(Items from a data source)
################

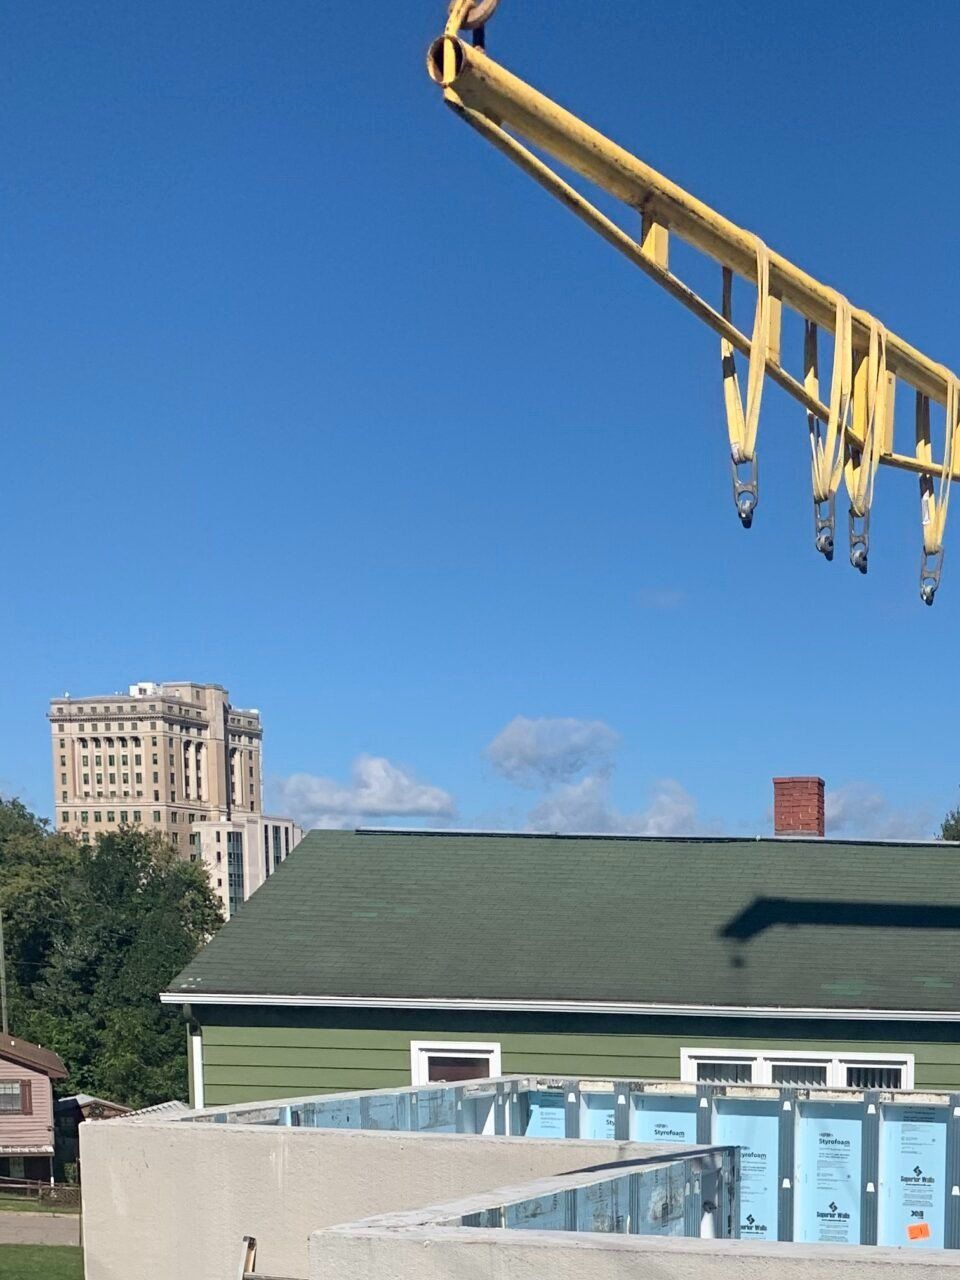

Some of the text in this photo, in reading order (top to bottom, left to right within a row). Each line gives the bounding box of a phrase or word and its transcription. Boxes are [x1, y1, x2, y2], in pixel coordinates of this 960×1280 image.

[654, 1129, 685, 1138] Styrofoam
[818, 1138, 851, 1146] Styrofoam
[740, 1152, 767, 1160] yrofoam
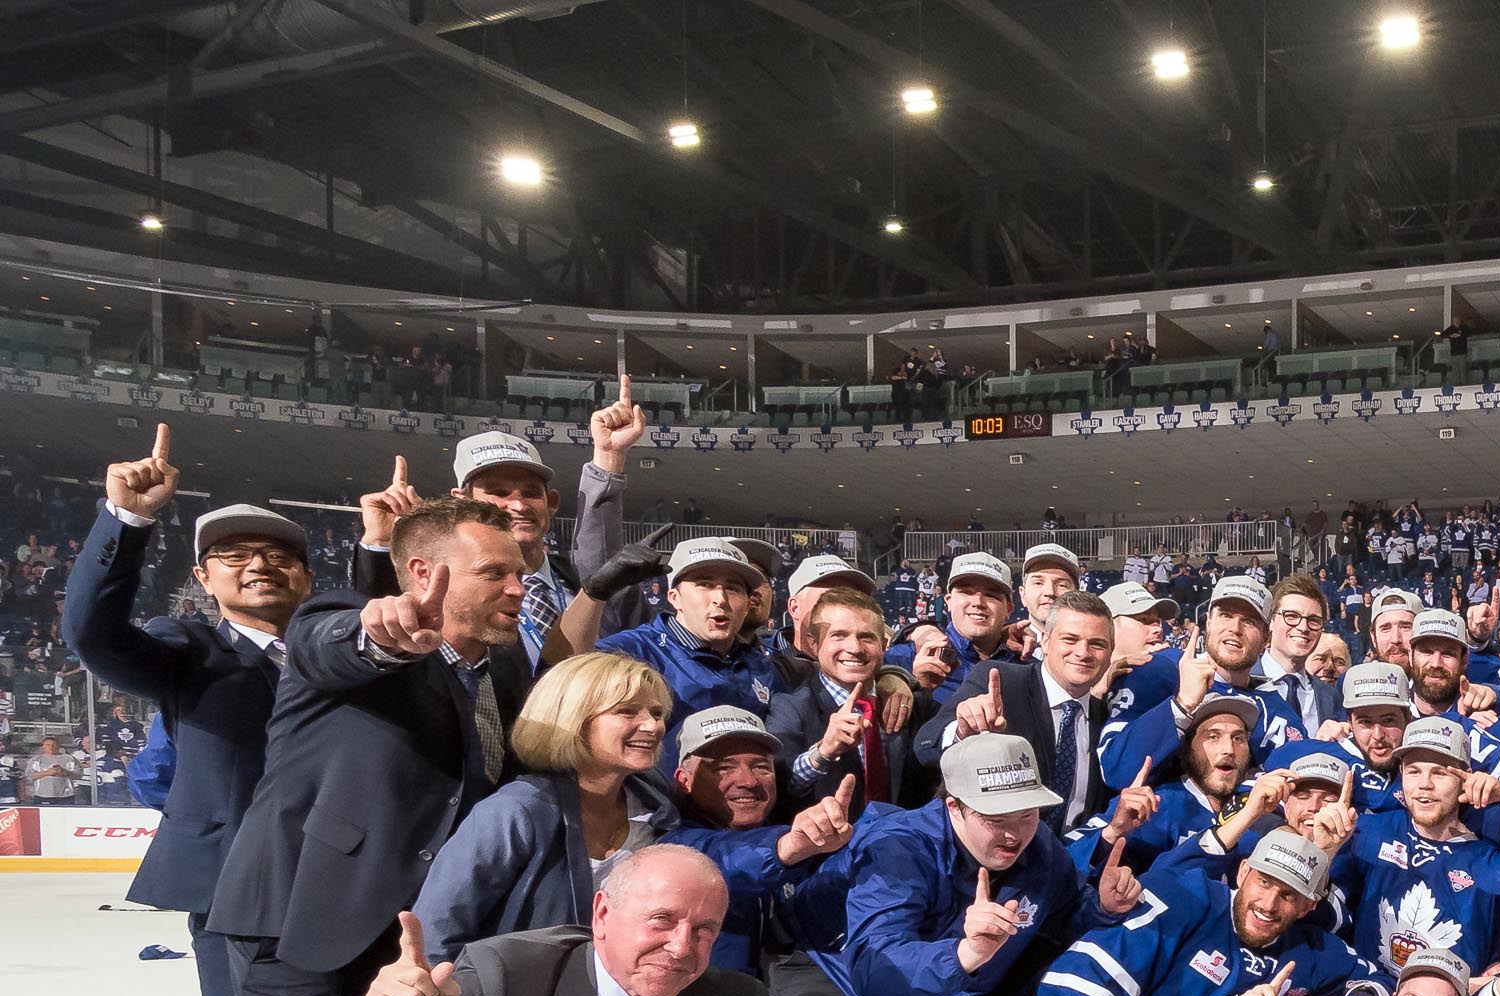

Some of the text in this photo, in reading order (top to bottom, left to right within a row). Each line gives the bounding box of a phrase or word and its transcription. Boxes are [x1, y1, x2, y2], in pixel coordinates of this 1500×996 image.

[132, 391, 158, 402] ELLIS
[1397, 397, 1418, 407] DOWIE
[1435, 394, 1461, 405] THOMAS
[232, 401, 262, 412] BOYER
[1314, 403, 1338, 413] HIGGINS
[1353, 399, 1381, 410] GRAHAM
[391, 416, 418, 427] SMITH
[1114, 416, 1144, 425] KASZYCKI
[1160, 414, 1178, 424] GAVIN
[1194, 411, 1217, 421] HARRIS
[971, 417, 1003, 434] 10:03
[1014, 414, 1042, 430] ESQ
[1073, 420, 1099, 429] STAMLER
[527, 427, 553, 436] BYERS
[934, 428, 962, 438] ANDERSON
[694, 433, 716, 442] EVANS
[1355, 683, 1399, 694] CHAMPIONS
[1259, 715, 1288, 749] A
[1408, 733, 1451, 746] CHAMPIONS
[991, 764, 1013, 774] CALDER
[977, 768, 1036, 787] CHAMPIONS
[73, 827, 158, 838] CCM
[1266, 849, 1313, 879] CHAMPIONS
[1193, 959, 1224, 983] Scotiabank

################

- TO DO
Without carrying over any pictures, retype the records above exactly.

- SOLUTION FOR THIS PROBLEM
Some of the text in this photo, in reading order (top to bottom, left to right within a row). Each line gives the bounding box of a phrase or word and its transcription. Boxes are [x1, y1, x2, y2], in pixel coordinates of this 960×1280 image.

[654, 1129, 685, 1138] Styrofoam
[818, 1138, 851, 1146] Styrofoam
[740, 1152, 767, 1160] yrofoam

Some of the text in this photo, in reading order (top to bottom, left to right within a row). Each line gives the bounding box of a phrase or word and its transcription. Boxes are [x1, y1, x2, y2], in pixel coordinates of this 1500×996 image.

[132, 391, 158, 402] ELLIS
[1397, 397, 1418, 407] DOWIE
[1435, 394, 1461, 405] THOMAS
[232, 401, 262, 412] BOYER
[1314, 403, 1338, 413] HIGGINS
[1353, 399, 1381, 410] GRAHAM
[391, 416, 418, 427] SMITH
[1114, 416, 1144, 425] KASZYCKI
[1160, 414, 1178, 424] GAVIN
[1194, 411, 1217, 421] HARRIS
[971, 417, 1003, 434] 10:03
[1014, 414, 1042, 430] ESQ
[1073, 420, 1099, 429] STAMLER
[527, 427, 553, 436] BYERS
[934, 428, 962, 438] ANDERSON
[694, 433, 716, 442] EVANS
[1355, 683, 1399, 694] CHAMPIONS
[1259, 715, 1288, 749] A
[1408, 733, 1451, 746] CHAMPIONS
[991, 764, 1013, 774] CALDER
[977, 768, 1036, 787] CHAMPIONS
[73, 827, 158, 838] CCM
[1266, 849, 1313, 879] CHAMPIONS
[1193, 959, 1224, 983] Scotiabank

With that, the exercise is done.